If you spend a lot of time in the backcountry and want to drive around deep snow. A thicker track will be perfect for you because it gives you more grip and bites the deeper snow. Before adding a thick track make sure your snowmobile has enough power because as the lug gets longer it’ll need more power to operate.


The most vital thing you need to consider with lug height is the clearance you get. If the lugs are too long, they can hit the heat exchanger and damage the crucial parts that help keep the engine cool. Always check the clearance before you buy a track to confirm there is sufficient room for the track to rotate freely without hitting the heat exchanger or any other components around the tunnel. 

4. The Pitch of Snowmobile Tracks

Track  Pitch

Another key factor that comes into play when selecting the right snowmobile tracks for your specific machine is Pitch. The pitch of a snowmobile track is the amount of space between each lug. Do check the manufacturer’s recommendation for the correct track pitch to ensure you don’t run into any issues when riding.


Selecting a snowmobile tracks isn’t that difficult. If you are a new rider and are going to stick to trails you can go with a shorter track. If you want to ride around the backcountry, you should get a longer track that has thicker lugs.

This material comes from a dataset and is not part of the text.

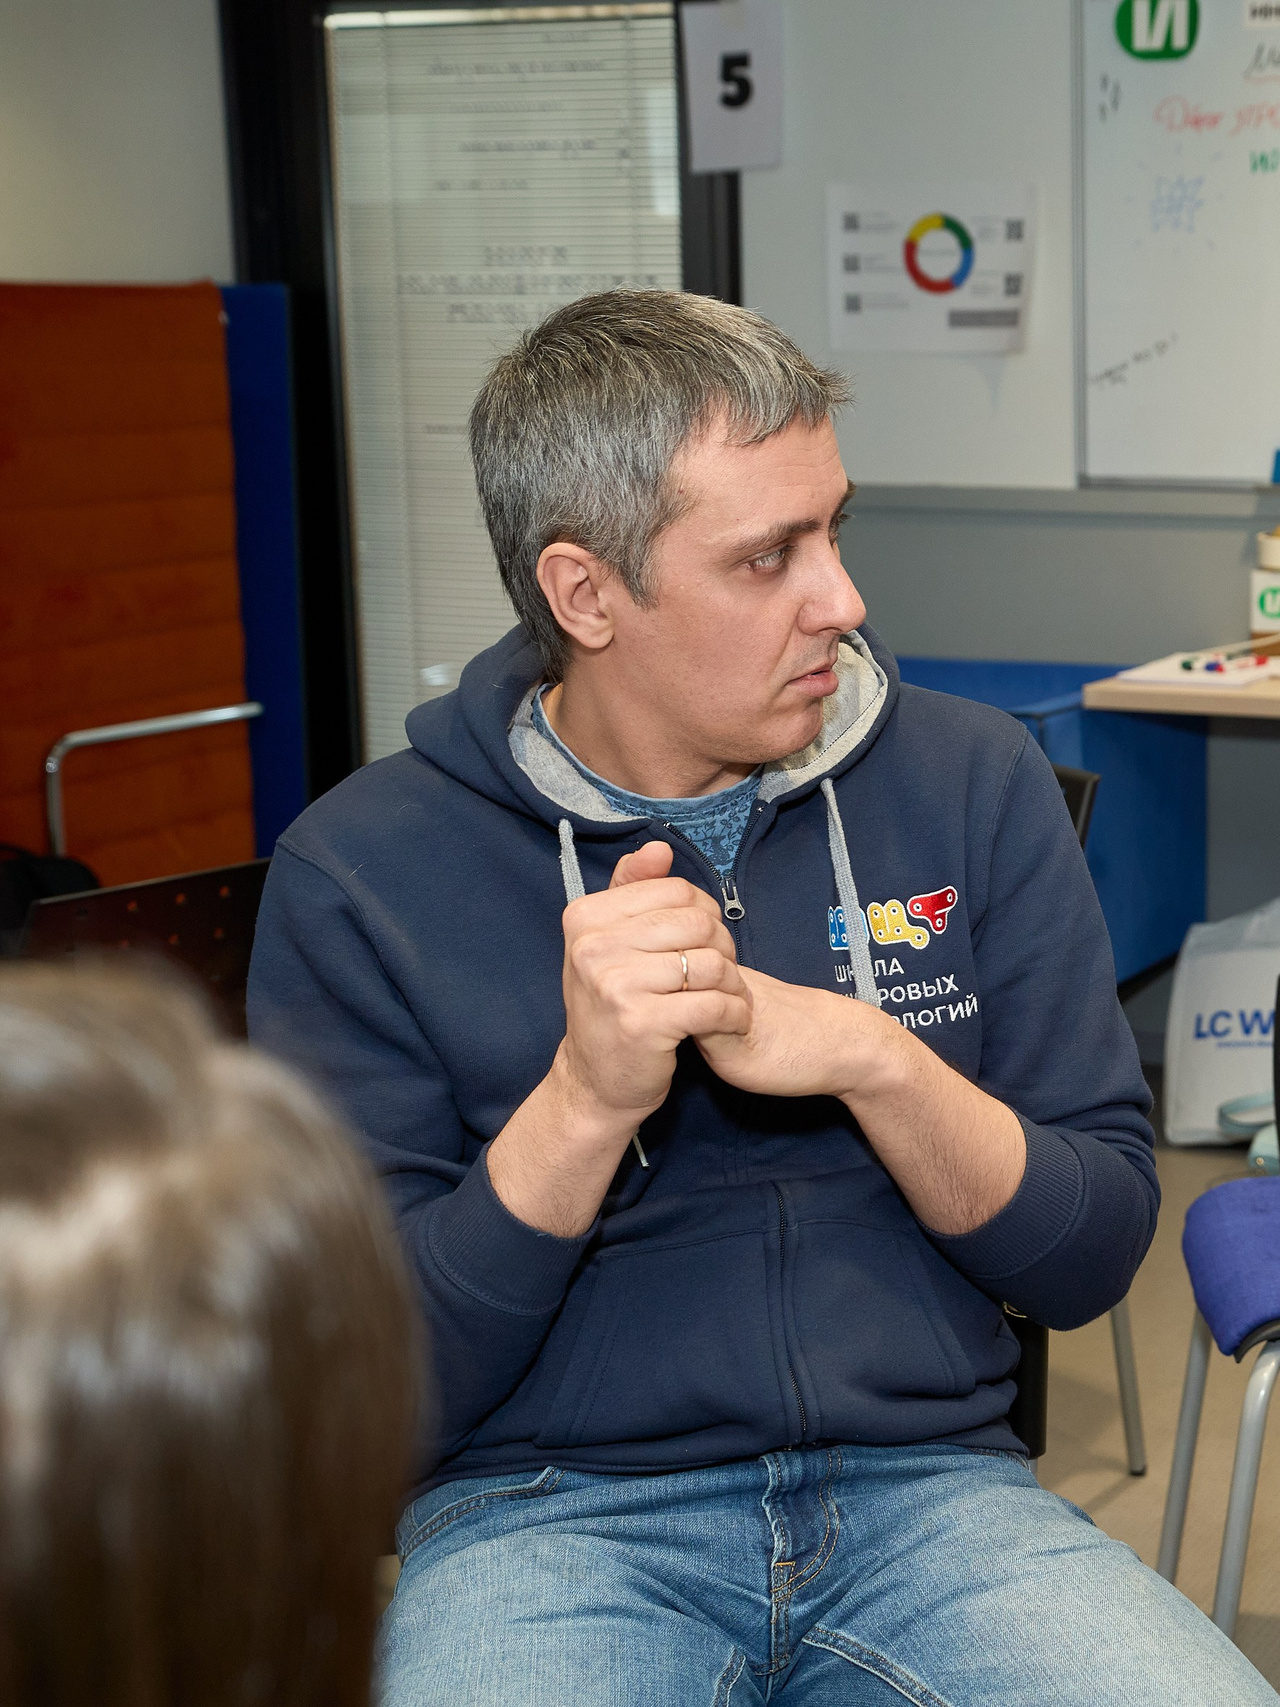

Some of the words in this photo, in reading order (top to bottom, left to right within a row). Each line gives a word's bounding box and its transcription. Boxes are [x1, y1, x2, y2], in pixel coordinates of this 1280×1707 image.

[720, 53, 754, 110] 5
[840, 973, 959, 1007] РОВЫХ
[1194, 1010, 1232, 1039] LC

For racing, touring, or utility purposes, you can also get specific tracks that excel in these types of riding. Don’t forget to check the manufacturer’s specifications.


Best for Trail Riding:

Generally, a track length of 120 to 136 inches is ideal for trail riding. This sits in the sweet spot of giving you good handling without being too short or long.

Widest Track:

The Ski-Doo Skandic has one of the widest tracks you can find, and it comes in at a hefty 24 inches. That’s a lot wider than tracks that are 15 or 18 inches. 

Breaks or Not:

When the rubber compounds are exposed to ultraviolet rays and react with ozone, the track begins to break down.